03/09/06 19:52:39 changed by justin@linuxfromscratch.org

I'm working on it. The notebook which has this problem doesn't belong to me (as pointed out by Jeremy who asked who James is ;) ). I promise I'll get to testing this CD with the patch from that message by tomorrow evening.

03/10/06 19:24:45 changed by justin@linuxfromscratch.org

I re-burned the 6.1.1-3 LiveCD after applying the patch to init.c. The same happens as before, Starting Init... and it stops. Nothing printed after it.

While at work this morning, I had my server build completely from scratch a 6.1.1-3 with the patch applied, same result.

To be 100% sure I didn't fsck it up, I used both CD's in a i686 system (where this problem never happens), the CD's booted, went past Starting init..., had a ton of can't write to...read-only file system....and finally can't open /dev/tty1: no such file or directory, for all tty's, and init respawning too fast.

03/10/06 19:48:20 changed by justin@linuxfromscratch.org

I wanted to add some more information to help us find the problem. I created a 6.1.1-4-dm (meaning current /livecd/branches/6.1.1 with the patch available here http://linuxfromscratch.org/~justin/livecd-6.1.1-r1445-dm-1.patch). This LiveCD works fine on any i686 system, I tried it, started Xorg, no problems. It also fails to boot on my i586. This time instead of freezing at "Starting init...", it freezes at "Setting up the loopback devices..." and doesn't continue.

In case I really fscked up the patch, here is the tar/bz2'ed lfs-livecd Makefiles. http://linuxfromscratch.org/~justin/livecd-6.1.1-4-dm.tar.bz2

03/11/06 23:23:40 changed by alexander@linuxfromscratch.org

Please verify that the statements below correctly identify the state of the problem.

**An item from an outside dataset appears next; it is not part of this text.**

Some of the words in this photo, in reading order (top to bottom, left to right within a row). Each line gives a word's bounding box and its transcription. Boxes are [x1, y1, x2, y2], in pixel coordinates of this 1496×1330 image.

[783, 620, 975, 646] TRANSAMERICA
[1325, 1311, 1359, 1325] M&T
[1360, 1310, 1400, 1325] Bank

  1. 6.1.1-X (X>=2) fails to boot on some old computers
  2. 6.1.1-1 (which, by mistake, contains a 2.6.12.x kernel) also fails to boot
  3. 6.2-preX seems to fix (or hide) the problem for people with unbootable 6.1.1-X CDs
  4. disabling /sbin/hotplug seems to help
  5. replacing unionfs with a bind mount while keeping everything as on the original CD doesn't get past "Starting init..."
  6. switching to dm (which, basically, contanis the same init but no unionfs) doesn't help
  7. the problem is reproducible even with a shell-based init, see http://archives.linuxfromscratch.org/mail-archives/livecd/2006-March/003179.html. Need to verify, since Brandon made too many typos during this simple task, and this result is, therefore, not trusted.
  8. There is a different kind of hang with LiteOn? drive here, solved by disabling DMA and waiting 5 minutes for the kernel to recognize the broken CD-ROM drive.

Points 5 and 6 rule out unionfs as the cause of this bug. Point 7 seems to rule out the binary init. Point 4 seems to suggest some kind of OOM situation or filesystem/block layer stress.

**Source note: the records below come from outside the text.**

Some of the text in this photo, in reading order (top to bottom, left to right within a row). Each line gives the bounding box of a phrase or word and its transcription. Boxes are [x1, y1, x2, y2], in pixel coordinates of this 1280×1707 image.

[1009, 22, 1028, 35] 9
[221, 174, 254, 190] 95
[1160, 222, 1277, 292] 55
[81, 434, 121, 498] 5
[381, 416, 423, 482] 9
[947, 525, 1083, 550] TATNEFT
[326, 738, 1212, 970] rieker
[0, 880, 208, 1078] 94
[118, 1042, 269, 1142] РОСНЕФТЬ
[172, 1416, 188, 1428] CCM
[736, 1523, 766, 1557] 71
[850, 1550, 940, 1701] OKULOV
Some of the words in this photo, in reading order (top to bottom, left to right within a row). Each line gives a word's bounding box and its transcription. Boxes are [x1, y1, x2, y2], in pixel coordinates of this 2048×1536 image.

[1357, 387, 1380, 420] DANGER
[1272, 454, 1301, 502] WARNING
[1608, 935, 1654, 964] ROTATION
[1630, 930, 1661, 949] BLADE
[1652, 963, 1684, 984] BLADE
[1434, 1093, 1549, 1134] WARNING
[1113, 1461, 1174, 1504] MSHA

03/12/06 10:31:29 changed by justin@linuxfromscratch.org

1. Yes, these computers tend to be i586 and lower machines. Haven't heard any reports for i686 machines. 2. Correct, 6.1.1-1 fails to boot as well. 3. Correct, all the 6.2-pre{1,2,3} worked for me. 4. I don't remember the outcome of this test, I thought I would have written to the list or something. Sorry, can check it out again after work. 5. Correct, the bind mount didn't help the situation. 6. Correct, the DM CD I make and tested worked on a i686 but pauses with "Setting up loopback devices...", even before printing "Starting init..." 7. I will need to try it again tonight. I didn't examine the Makefile before running it and then going to visit the old computer. 6.1.1 doesn't have LFS-ARCH defined and therefore the initramfs didn't get copied to the CD. I have it remaking a iso now and can test after work. 8. Bummer

I'll get back to you tonight about the shell based init.

03/12/06 21:59:57 changed by justin@linuxfromscratch.org

Ok, my test results from the shell-based init as refered to in http://archives.linuxfromscratch.org/mail-archives/livecd/2006-March/003179.html. It does not boot on a i586. This time stopping with the following text:

ip_tables: (C) 2000-2002 Netfilter core team ipt_recent v0.3.1: Stephen Frost <sfrost@snowman.net>. http://snowman.net/projects/ipt_recent/ arp_tables: (C) 2002 David S. Miller NET: Registered protocol family 1 NET: Registered protocol family 17 Freeing unused kernel memory: 336k freed

That is all. There is a crlf after 336k freed for the cursor.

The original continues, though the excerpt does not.